**Description of the task:**
I'd ask you to write out the lines below exactly, with no images.
### Data for analysis
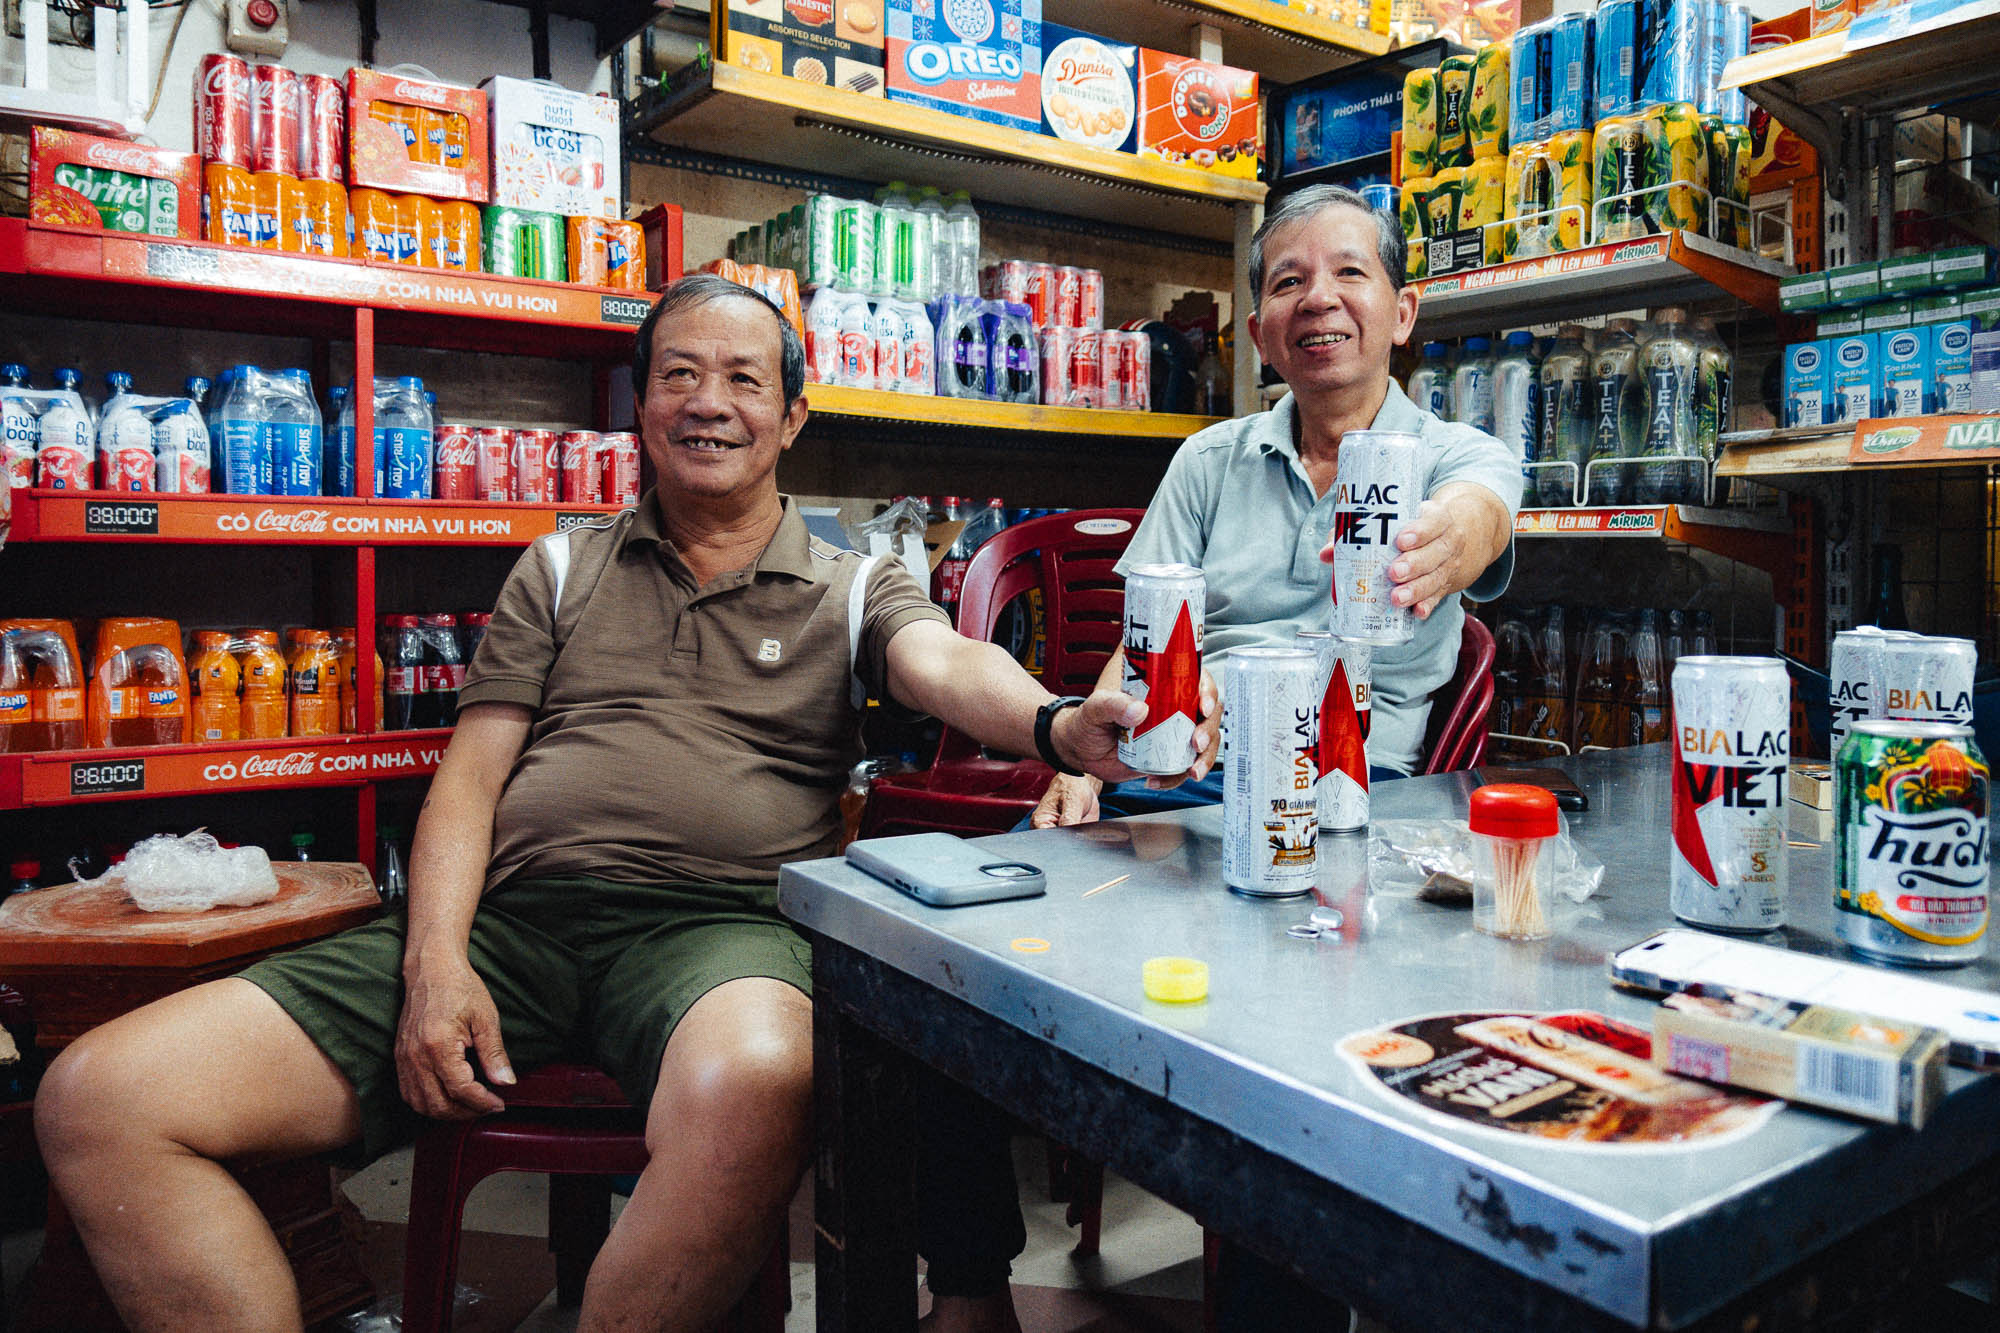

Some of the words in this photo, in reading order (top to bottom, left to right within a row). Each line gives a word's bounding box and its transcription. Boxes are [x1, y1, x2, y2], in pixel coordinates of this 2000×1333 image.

[768, 23, 809, 40] ASSORTED
[810, 33, 851, 50] SELECTION
[908, 44, 1021, 79] OREO
[1056, 58, 1114, 81] Danisa
[967, 82, 1016, 102] Selection
[544, 104, 573, 117] nutri
[1333, 100, 1368, 118] PHONG
[1370, 91, 1393, 108] THÁI
[544, 112, 573, 126] boost
[1200, 102, 1228, 137] DONUT
[533, 129, 582, 153] boost
[56, 169, 147, 206] Sprite
[159, 197, 175, 214] 6
[1464, 270, 1495, 289] NGON
[436, 287, 477, 305] NHÀ
[481, 291, 513, 309] VUI
[517, 295, 558, 313] HƠN
[1853, 394, 1866, 403] 2X
[1904, 389, 1918, 398] 2X
[1956, 383, 1971, 392] 2X
[1807, 399, 1818, 408] 2X
[1945, 417, 2000, 448] NĂ
[294, 428, 315, 487] AQUARIUS
[217, 509, 250, 532] CÓ
[254, 508, 331, 534] Coca-Cola
[332, 516, 379, 534] CƠM
[385, 514, 428, 534] NHÀ
[433, 518, 464, 535] VUI
[470, 518, 511, 535] HƠN
[148, 690, 179, 702] FANTA
[203, 760, 236, 781] CÓ
[241, 751, 318, 779] Coca-Cola
[320, 754, 367, 772] CƠM
[372, 748, 416, 769] NHÀ
[1271, 799, 1288, 812] 70
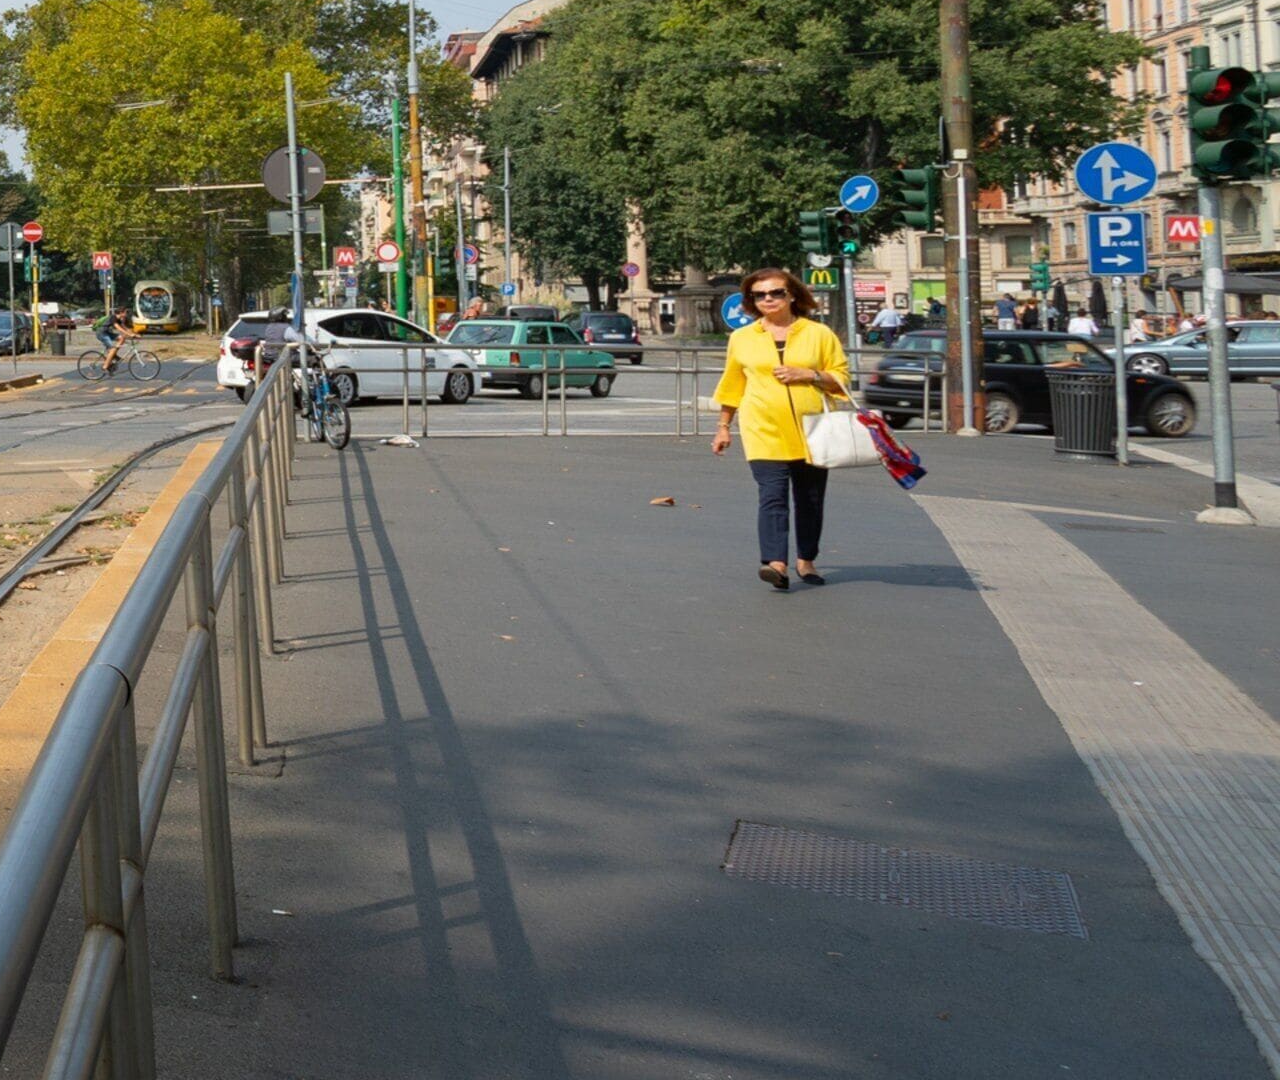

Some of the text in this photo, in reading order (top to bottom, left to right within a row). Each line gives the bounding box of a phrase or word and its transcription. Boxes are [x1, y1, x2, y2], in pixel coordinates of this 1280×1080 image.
######
**Written solution:**
Some of the words in this photo, in reading order (top to bottom, left to right within a row). Each line gives a word's bounding box and its transcription. Boxes are [x1, y1, x2, y2], in pixel coordinates of this 2000×1333 image.

[768, 23, 809, 40] ASSORTED
[810, 33, 851, 50] SELECTION
[908, 44, 1021, 79] OREO
[1056, 58, 1114, 81] Danisa
[967, 82, 1016, 102] Selection
[544, 104, 573, 117] nutri
[1333, 100, 1368, 118] PHONG
[1370, 91, 1393, 108] THÁI
[544, 112, 573, 126] boost
[1200, 102, 1228, 137] DONUT
[533, 129, 582, 153] boost
[56, 169, 147, 206] Sprite
[159, 197, 175, 214] 6
[1464, 270, 1495, 289] NGON
[436, 287, 477, 305] NHÀ
[481, 291, 513, 309] VUI
[517, 295, 558, 313] HƠN
[1853, 394, 1866, 403] 2X
[1904, 389, 1918, 398] 2X
[1956, 383, 1971, 392] 2X
[1807, 399, 1818, 408] 2X
[1945, 417, 2000, 448] NĂ
[294, 428, 315, 487] AQUARIUS
[217, 509, 250, 532] CÓ
[254, 508, 331, 534] Coca-Cola
[332, 516, 379, 534] CƠM
[385, 514, 428, 534] NHÀ
[433, 518, 464, 535] VUI
[470, 518, 511, 535] HƠN
[148, 690, 179, 702] FANTA
[203, 760, 236, 781] CÓ
[241, 751, 318, 779] Coca-Cola
[320, 754, 367, 772] CƠM
[372, 748, 416, 769] NHÀ
[1271, 799, 1288, 812] 70

Some of the text in this photo, in reading order (top to bottom, left to right within a row). Each line gives the bounding box of a phrase or word and its transcription. Boxes are [x1, y1, x2, y2], in pixel coordinates of this 1280×1080 image.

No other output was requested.